> **YOUR OBJECTIVE**:
Copy out all of the data exactly as it appears.

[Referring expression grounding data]
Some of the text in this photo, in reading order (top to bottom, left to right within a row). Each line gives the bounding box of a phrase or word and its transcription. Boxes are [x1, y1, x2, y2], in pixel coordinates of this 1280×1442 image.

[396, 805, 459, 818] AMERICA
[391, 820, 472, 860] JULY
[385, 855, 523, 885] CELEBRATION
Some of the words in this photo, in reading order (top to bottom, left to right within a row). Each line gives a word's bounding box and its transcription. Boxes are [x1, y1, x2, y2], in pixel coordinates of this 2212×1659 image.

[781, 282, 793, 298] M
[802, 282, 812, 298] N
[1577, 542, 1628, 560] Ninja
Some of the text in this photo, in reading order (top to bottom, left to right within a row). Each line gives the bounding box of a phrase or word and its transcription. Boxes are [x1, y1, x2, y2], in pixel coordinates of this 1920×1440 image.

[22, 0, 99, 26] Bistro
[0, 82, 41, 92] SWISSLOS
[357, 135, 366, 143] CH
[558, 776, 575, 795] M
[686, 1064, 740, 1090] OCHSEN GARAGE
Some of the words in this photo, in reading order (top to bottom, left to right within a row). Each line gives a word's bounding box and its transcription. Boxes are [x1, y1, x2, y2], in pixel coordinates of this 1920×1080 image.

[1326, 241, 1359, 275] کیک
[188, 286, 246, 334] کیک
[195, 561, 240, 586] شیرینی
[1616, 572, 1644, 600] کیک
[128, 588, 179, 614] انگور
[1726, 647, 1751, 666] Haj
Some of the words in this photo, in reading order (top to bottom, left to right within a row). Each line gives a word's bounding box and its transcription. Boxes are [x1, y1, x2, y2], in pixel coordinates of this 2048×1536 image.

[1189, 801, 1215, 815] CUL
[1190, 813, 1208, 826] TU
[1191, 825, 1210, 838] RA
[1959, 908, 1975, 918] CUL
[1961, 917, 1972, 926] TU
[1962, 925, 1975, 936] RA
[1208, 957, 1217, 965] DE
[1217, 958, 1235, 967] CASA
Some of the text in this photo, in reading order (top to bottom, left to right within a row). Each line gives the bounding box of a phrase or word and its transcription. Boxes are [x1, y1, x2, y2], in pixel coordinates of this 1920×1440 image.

> **FINAL ANSWER**:
Some of the text in this photo, in reading order (top to bottom, left to right within a row). Each line gives the bounding box of a phrase or word and its transcription. Boxes are [x1, y1, x2, y2], in pixel coordinates of this 1280×1442 image.

[396, 805, 459, 818] AMERICA
[391, 820, 472, 860] JULY
[385, 855, 523, 885] CELEBRATION
Some of the words in this photo, in reading order (top to bottom, left to right within a row). Each line gives a word's bounding box and its transcription. Boxes are [x1, y1, x2, y2], in pixel coordinates of this 2212×1659 image.

[781, 282, 793, 298] M
[802, 282, 812, 298] N
[1577, 542, 1628, 560] Ninja
Some of the text in this photo, in reading order (top to bottom, left to right within a row). Each line gives the bounding box of a phrase or word and its transcription. Boxes are [x1, y1, x2, y2], in pixel coordinates of this 1920×1440 image.

[22, 0, 99, 26] Bistro
[0, 82, 41, 92] SWISSLOS
[357, 135, 366, 143] CH
[558, 776, 575, 795] M
[686, 1064, 740, 1090] OCHSEN GARAGE
Some of the words in this photo, in reading order (top to bottom, left to right within a row). Each line gives a word's bounding box and its transcription. Boxes are [x1, y1, x2, y2], in pixel coordinates of this 1920×1080 image.

[1326, 241, 1359, 275] کیک
[188, 286, 246, 334] کیک
[195, 561, 240, 586] شیرینی
[1616, 572, 1644, 600] کیک
[128, 588, 179, 614] انگور
[1726, 647, 1751, 666] Haj
Some of the words in this photo, in reading order (top to bottom, left to right within a row). Each line gives a word's bounding box and its transcription. Boxes are [x1, y1, x2, y2], in pixel coordinates of this 2048×1536 image.

[1189, 801, 1215, 815] CUL
[1190, 813, 1208, 826] TU
[1191, 825, 1210, 838] RA
[1959, 908, 1975, 918] CUL
[1961, 917, 1972, 926] TU
[1962, 925, 1975, 936] RA
[1208, 957, 1217, 965] DE
[1217, 958, 1235, 967] CASA
Some of the text in this photo, in reading order (top to bottom, left to right within a row). Each line gives the bounding box of a phrase or word and its transcription. Boxes are [x1, y1, x2, y2], in pixel coordinates of this 1920×1440 image.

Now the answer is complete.